A recently accomplished techno-economic study evaluating amongst others advanced post and pre- combustion CO2 capture at NGCC plants shows that CO2 avoidance costs of MR-CC are slightly lower than NGCC with a highly integrated post-combustion capture unit [42]. However, this study did not account for efficiency improvements and cost reductions in NGCC technology itself; only improvements in capture technology and integration were studied. An important question remains which capture strategy will benefit most strongly from autonomous developments in NGCC technology and to what extent improved turbines can be integrated in advanced power cycles with CO2 capture. Therefore, more detailed techno- economic analyses of advanced natural gas-fired electricity options are required, especially for AZEP and CLC. In such analyses, efficiency and cost improvement potential in state-of-the-art and advanced conversion and capture technology should be con- sidered. The impact of technological learning should be accounted for in cost assessments, which has not been done so far for this kind of technologies.
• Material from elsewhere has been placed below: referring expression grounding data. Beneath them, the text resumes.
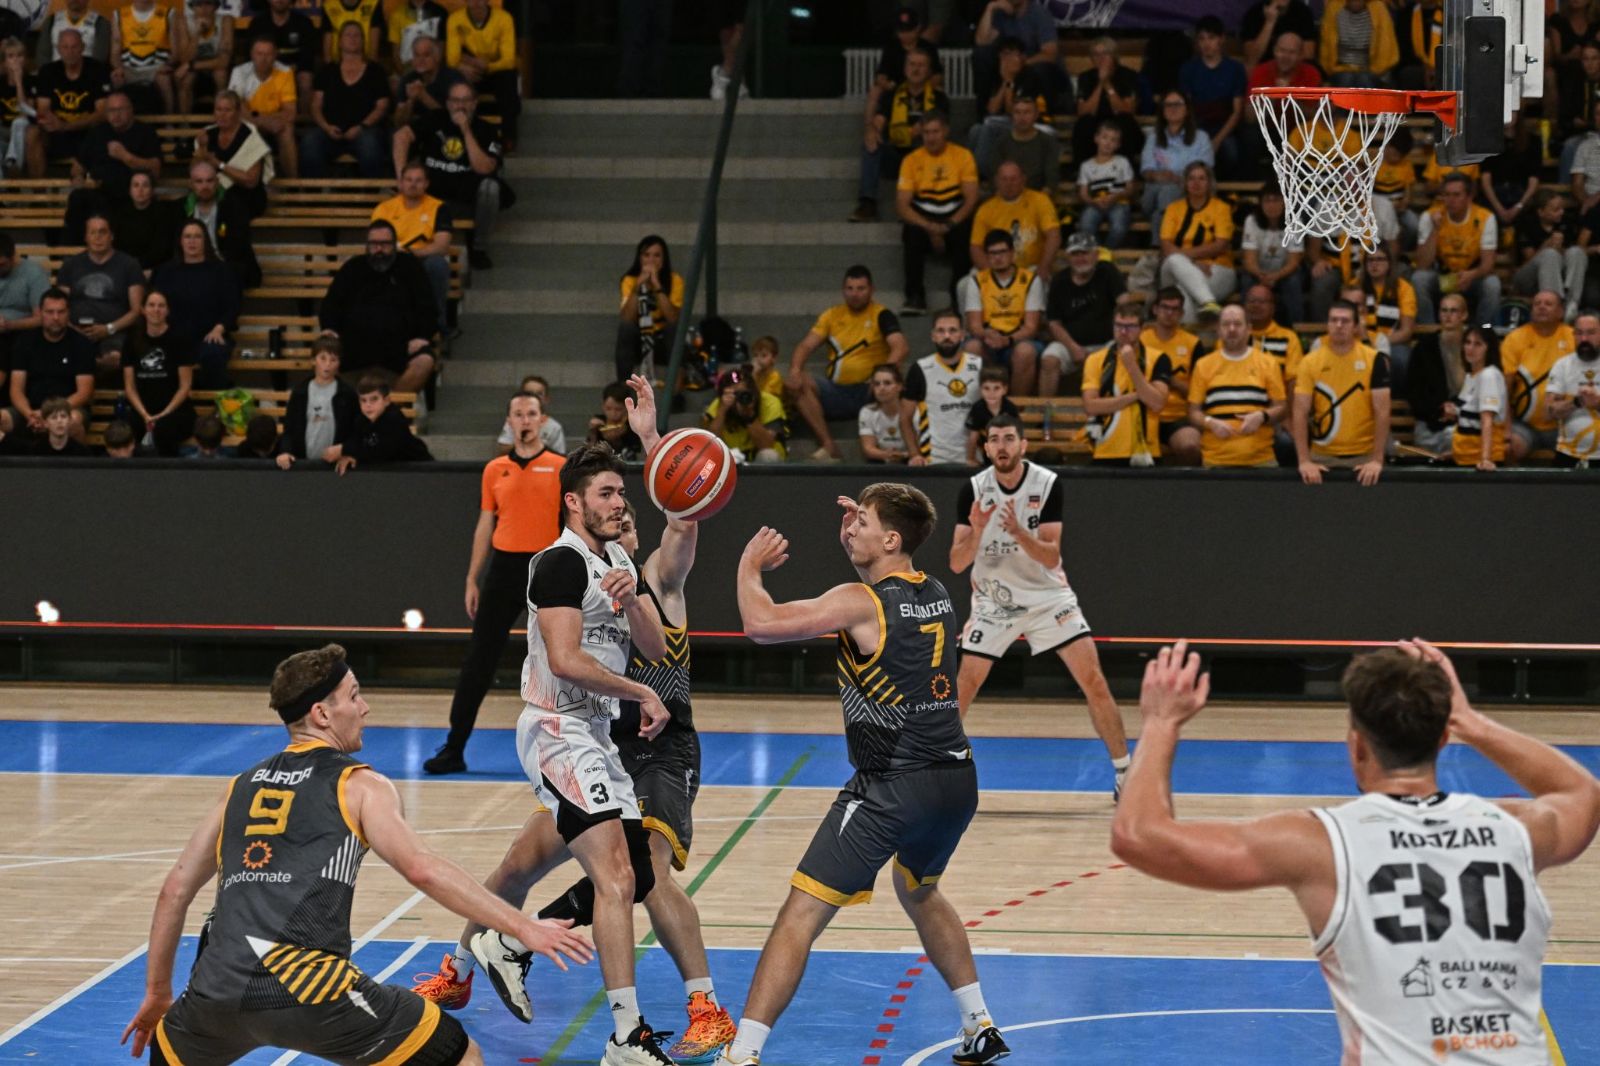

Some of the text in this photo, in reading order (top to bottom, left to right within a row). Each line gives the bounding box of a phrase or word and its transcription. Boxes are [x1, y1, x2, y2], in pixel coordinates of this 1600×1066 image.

[664, 444, 694, 480] molten
[1027, 515, 1039, 530] 8
[919, 621, 945, 668] 7
[969, 630, 983, 644] 8
[915, 700, 960, 713] photoma
[251, 767, 313, 786] BURDA
[590, 782, 610, 805] 3
[245, 788, 296, 836] 9
[223, 870, 292, 890] photomate
[1367, 861, 1526, 945] 30
[1440, 961, 1475, 973] BALI
[1431, 1013, 1511, 1035] BASKET
6.2. Hydrogen production with CO2 capture
CO2 capture at hydrogen plants causes a relatively small increase in production costs in comparison to electricity plants, which makes hydrogen production more attractive for CO2 capture. Especially coal gasification enables CO2 capture with marginal additional investment costs and efficiency losses. Hydrogen production costs (with CO2 capture) can be reduced further by application of ITM in advanced ATR and CG systems. If ITM membranes prove to operate under commercial conditions, ATR would be the preferable way to produce hydrogen from natural gas, as it allows for higher recovery and less costly CO2 capture. On a small scale, MR allows for hydrogen production with low additional costs for CO2 capture. However, significant R&D is still required to enable (mass) production of thin and stable membranes with sufficient lifetime.
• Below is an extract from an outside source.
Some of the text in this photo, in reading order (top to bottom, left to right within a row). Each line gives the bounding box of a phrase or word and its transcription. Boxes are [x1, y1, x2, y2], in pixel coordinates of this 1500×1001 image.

There are other advanced, potential low-cost hydrogen production schemes that are not further considered here mainly due to a lack of data. In sorption enhanced reforming (SER), reforming is conducted in the presence of an adsorbent that removes CO2, thereby shifting the reaction to the product site and allowing the reaction to occur at low temperatures (400–500 °C) [105]. Small-scale laboratory tests demonstrated the principle. The HyGenSys process integrates a novel reformer concept with a jet engine heat generator to supply heat for the reforming reaction [106]. Plasma reforming involves natural gas heating by means of an electric arc to a temperature that a plasma state is reached, allowing the reaction to occur without catalysts [107]. This technology is still in experimental phase (in the kilowatt range). Alternatively, natural gas can be cracked into carbon and hydrogen by means of the plasma cracking process, thereby avoiding CO2 production (and hence separation). Several process variants are being developed and tested [108]. The HyPr-RING process integrates a novel gasification technology to produce hydrogen from coal with CO2 capture using CaO in a single high- pressure reactor [109].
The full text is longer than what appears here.